Given data section start

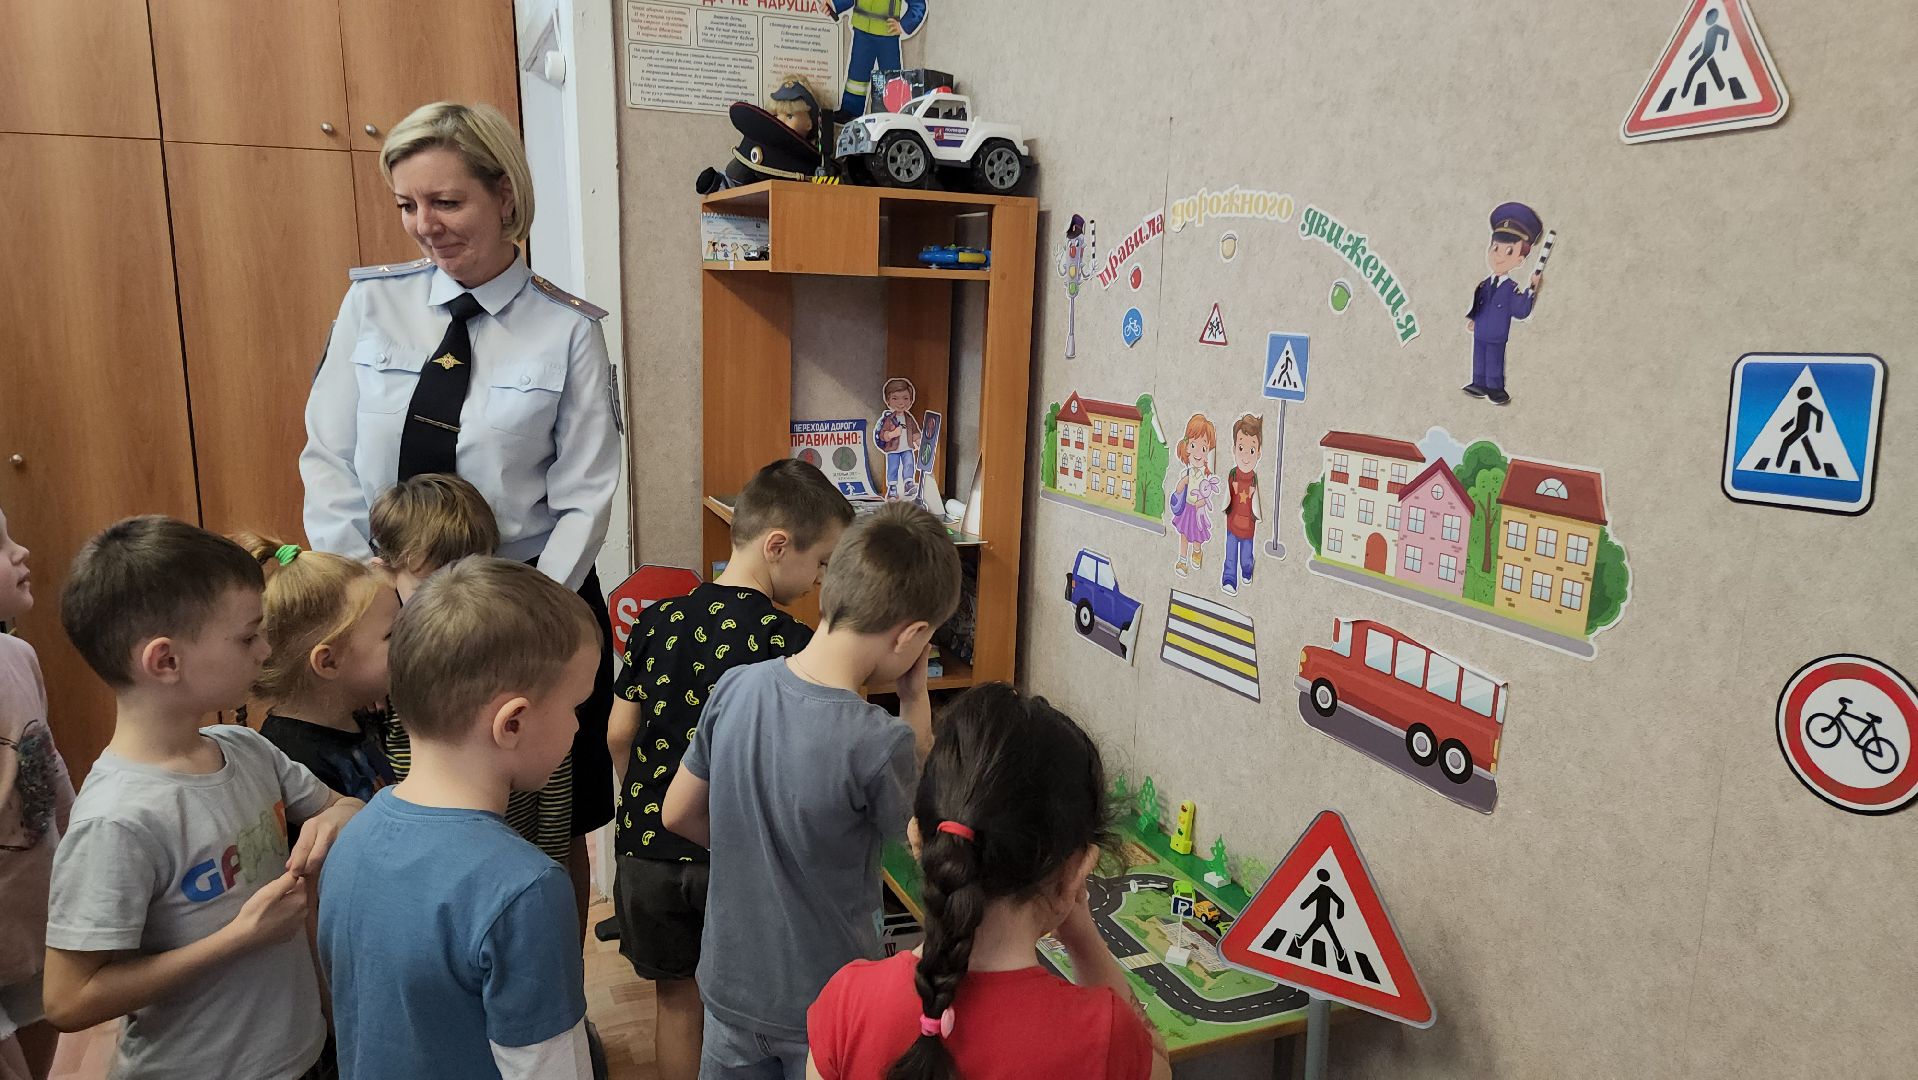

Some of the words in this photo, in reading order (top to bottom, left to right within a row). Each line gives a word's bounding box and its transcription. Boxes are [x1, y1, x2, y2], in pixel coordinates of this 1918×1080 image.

[1096, 213, 1165, 288] правила
[1171, 189, 1293, 226] дорожного
[1300, 207, 1417, 342] движения
[793, 422, 830, 433] ПЕРЕХОДИ
[830, 421, 857, 432] ДОРОГУ
[790, 431, 862, 448] ПРАВИЛЬНО:

Given data section end

How to complete this task:
Output the entries verbatim but drop the images.

Response box:
Some of the words in this photo, in reading order (top to bottom, left to right within a row). Each line gives a word's bounding box and its transcription. Boxes are [x1, y1, x2, y2], in pixel coordinates of this 1918×1080 image.

[1096, 213, 1165, 288] правила
[1171, 189, 1293, 226] дорожного
[1300, 207, 1417, 342] движения
[793, 422, 830, 433] ПЕРЕХОДИ
[830, 421, 857, 432] ДОРОГУ
[790, 431, 862, 448] ПРАВИЛЬНО:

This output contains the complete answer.